Durante una semana no se habló más que de aquel asesinato. Cuando la muerte golpea tan cerca, se produce algo profundamente turbador. La muerte de Parnell resultaba estremecedora precisamente porque nadie se explicaba el motivo. En su existencia no había habido ninguna señal que presagiara que moriría asesinado. A juzgar por las apariencias, había sido una persona muy normal, como cualquiera de nosotros. Y, que nosotros supiéramos, ni en sus circunstancias, ni en su pasado, ni en su naturaleza, había habido nada que atrajera la violencia. Como hasta el momento no se había hecho la menor referencia a ningún sospechoso, acabamos por sentirnos desagradablemente indefensos, obsesionados por la idea de que a lo mejor sabíamos más de lo que creíamos. Y entretanto hablábamos sin parar de lo sucedido, tratando de alejar la nube de nerviosismo que se había levantado a raíz del crimen.

Yo no estaba más preparada que los demás.
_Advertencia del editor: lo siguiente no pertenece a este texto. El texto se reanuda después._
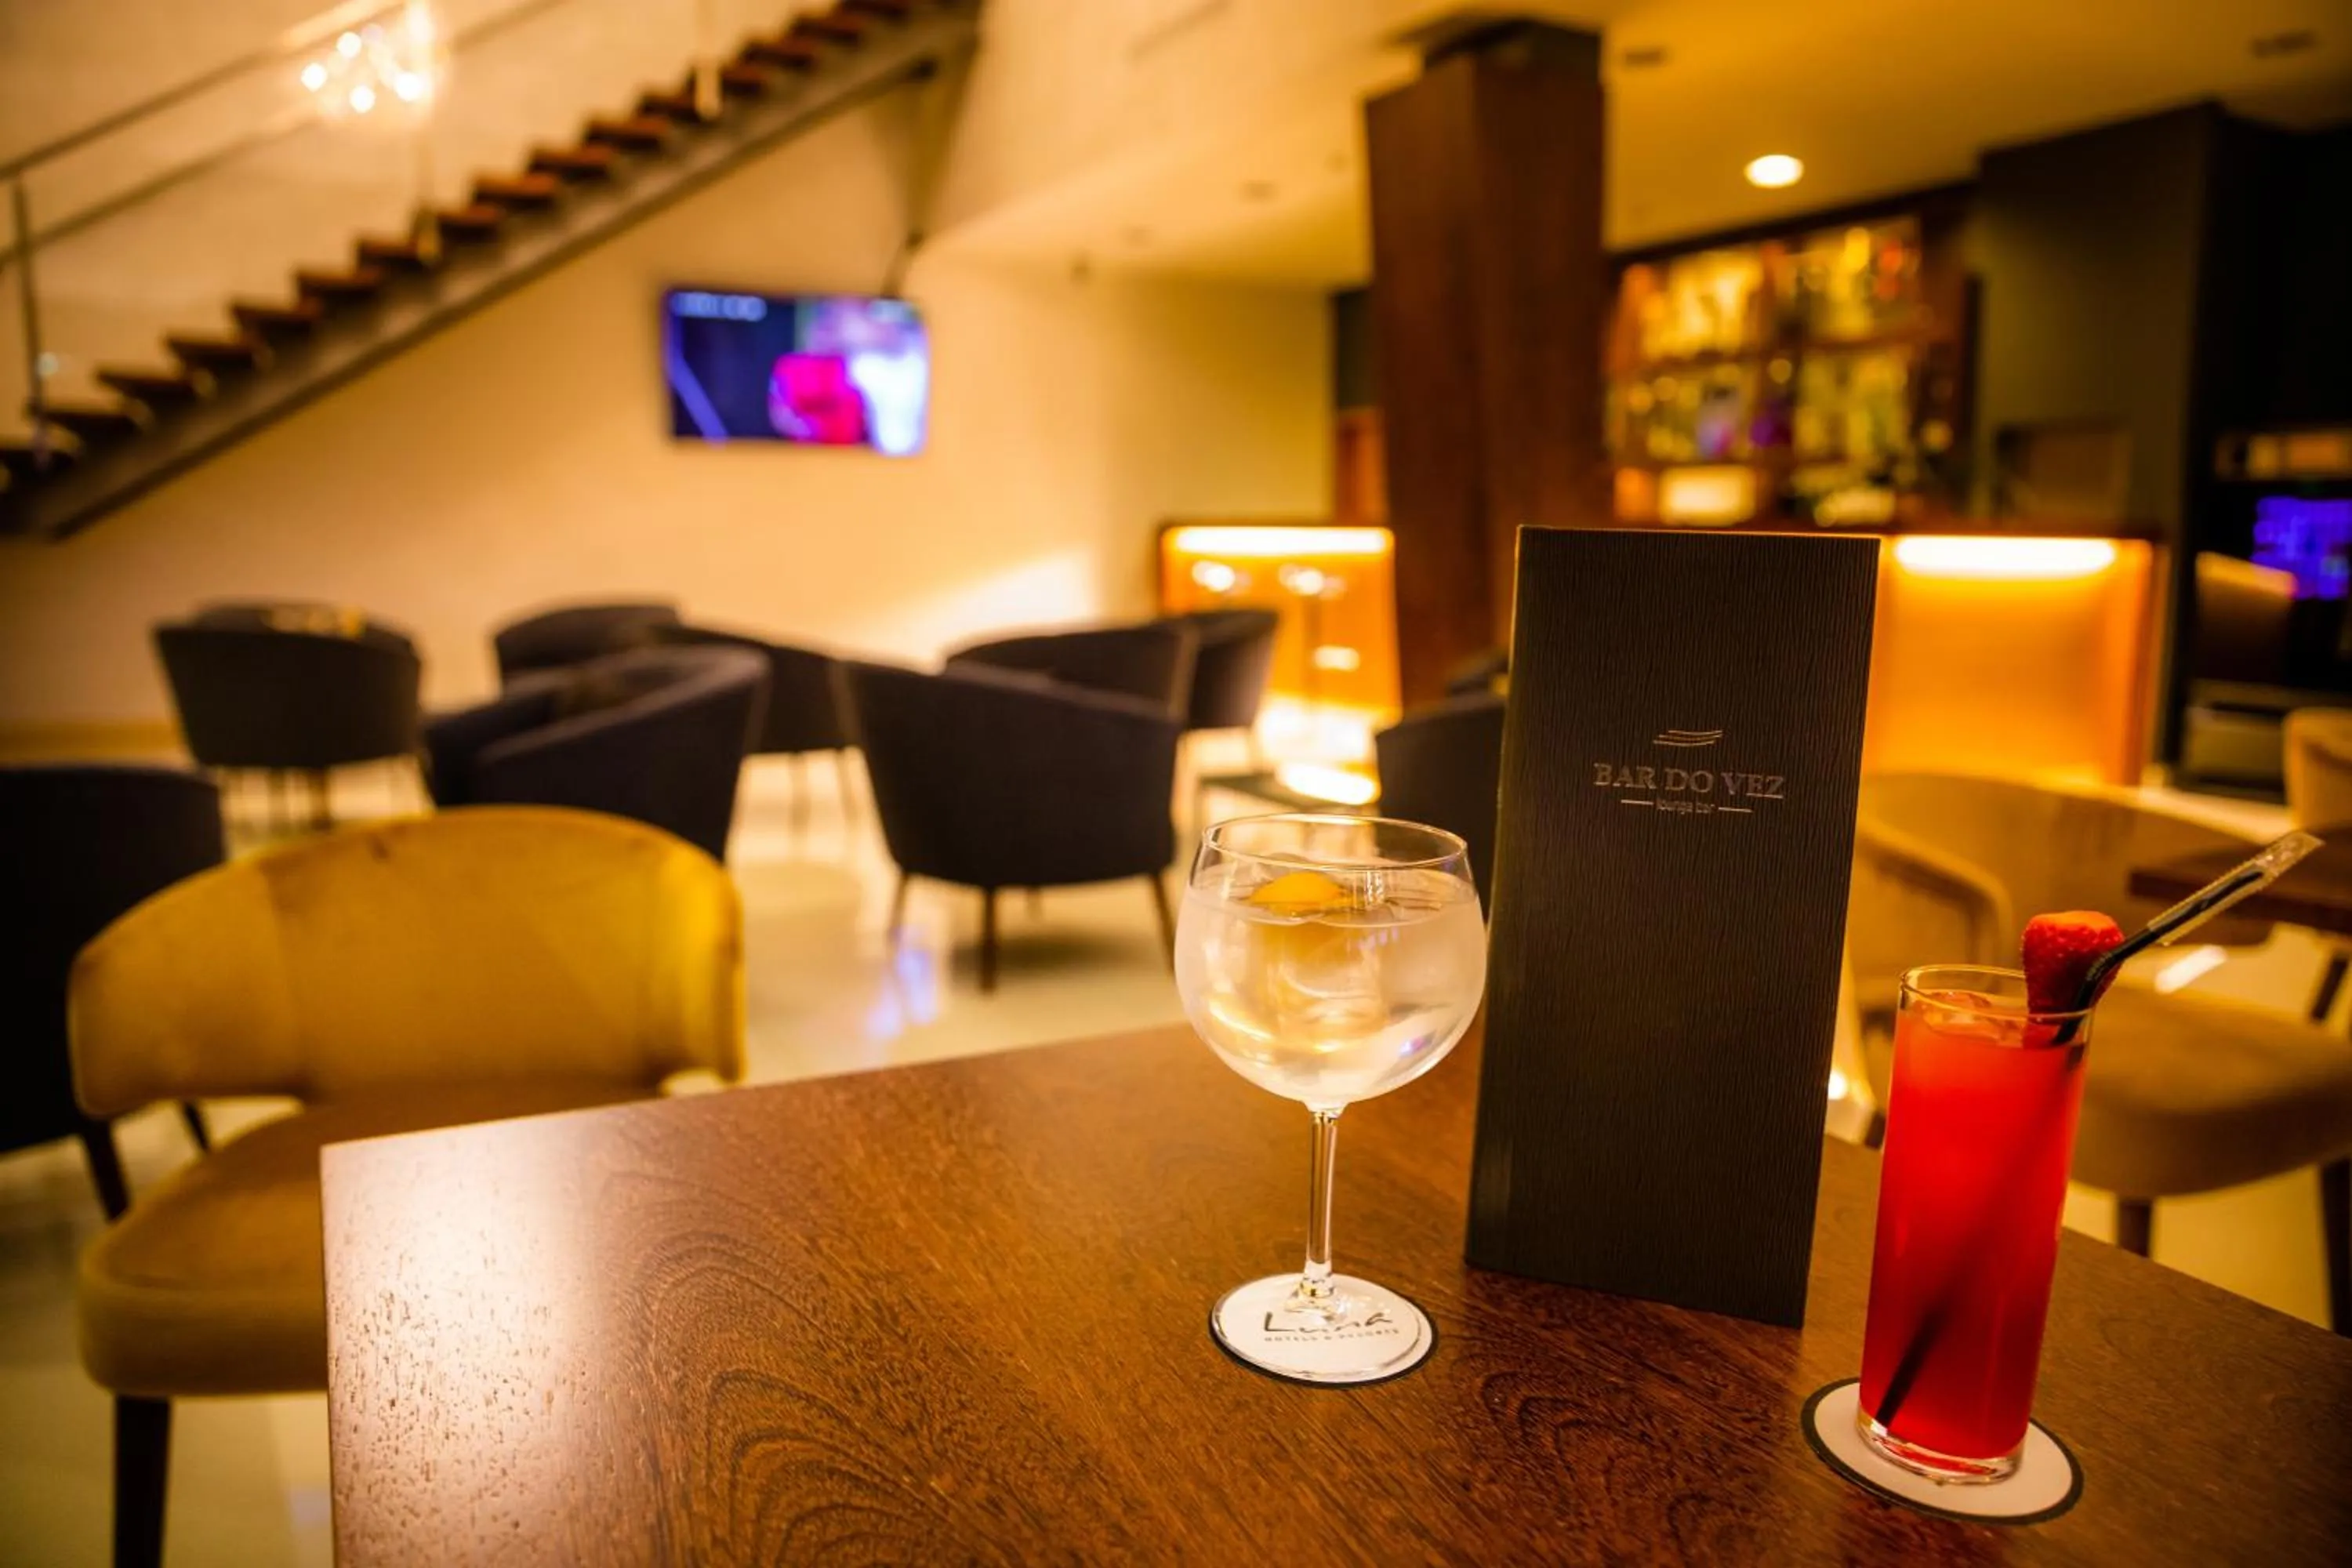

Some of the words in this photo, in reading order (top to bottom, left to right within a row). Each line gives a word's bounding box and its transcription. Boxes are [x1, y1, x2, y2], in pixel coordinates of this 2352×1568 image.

[1593, 763, 1657, 789] BAR
[1664, 768, 1715, 793] DO
[1721, 772, 1784, 798] VEZ
Es verdad que por mi profesión casi todas las semanas tropiezo con algún cadáver. Por lo general no reacciono de ningún modo, pero en el caso de Parnell, a causa de la amistad que nos había unido, mis habituales mecanismos de defensa —acción, rabia, cierto gusto por el humor negro— apenas pudieron defenderme de la aprensión que se había apoderado de todos los demás. Aunque muchas veces acabo investigando homicidios sin proponérmelo, no estoy predispuesta de antemano para esta clase de operaciones ni las acepto sin cobrar. Como nadie me había contratado para que investigara ese, me mantenía a distancia y me dedicaba a lo mío. El asunto era competencia exclusiva de la policía, y estaba claro que el departamento se bastaba a sí mismo y que no necesitaba ninguna «ayuda» del exterior. Que yo sea investigadora privada, y oficialmente autorizada por la ley, no significa que tenga más privilegios que los demás ciudadanos, ni tampoco más derecho a entrometerme.

Lo que me intranquilizaba era el silencio de los medios de información. En su momento había aparecido la noticia en la prensa, pero desde entonces no había habido ninguna otra alusión al crimen. Los noticiarios de la televisión tampoco hablaban de las investigaciones al respecto. No había más remedio que pensar que no había ninguna pista y que nada nuevo se había sabido desde el suceso, cosa que, por lo demás, me parecía muy extraña. Y deprimente, por no decir algo peor. Cuando una persona que nos importa muere asesinada, queremos que los demás acusen el impacto. Queremos que la comunidad entera se ponga en pie y tome alguna medida. Faltos de combustible, los comentarios languidecieron y acabaron por morir, dejando en su lugar un halo de melancolía. Los agentes se presentaron y se llevaron todo lo que había en el escritorio de Pamell. Los casos en que este había estado trabajando se repartieron entre los demás empleados. Un pariente del muerto que vivía en la costa oriental se presentó para cerrar la casa y hacerse cargo de sus pertenencias. La vida siguió su curso habitual. Donde antes estaba Parnell Perkins, ahora sólo había un espacio vacío y ninguno de nosotros sabía cómo afrontar y asimilar lo sucedido. Aunque al final sabría cómo unir todas las piezas para que formaran un dibujo coherente, por entonces ni siquiera sospechaba que se trataba de un rompecabezas. Al cabo de unas semanas, el homicidio pasó a un segundo plano debido a la inenarrable presencia de Gordon Titus —a quien no tardamos en llamar Pitus—, el vicepresidente de Palm Springs, cuyo traslado a la sede central de la empresa estaba prevista para el 15 de noviembre. Según se comprobó, incluso Titus jugó un papel involuntario en el curso de los acontecimientos.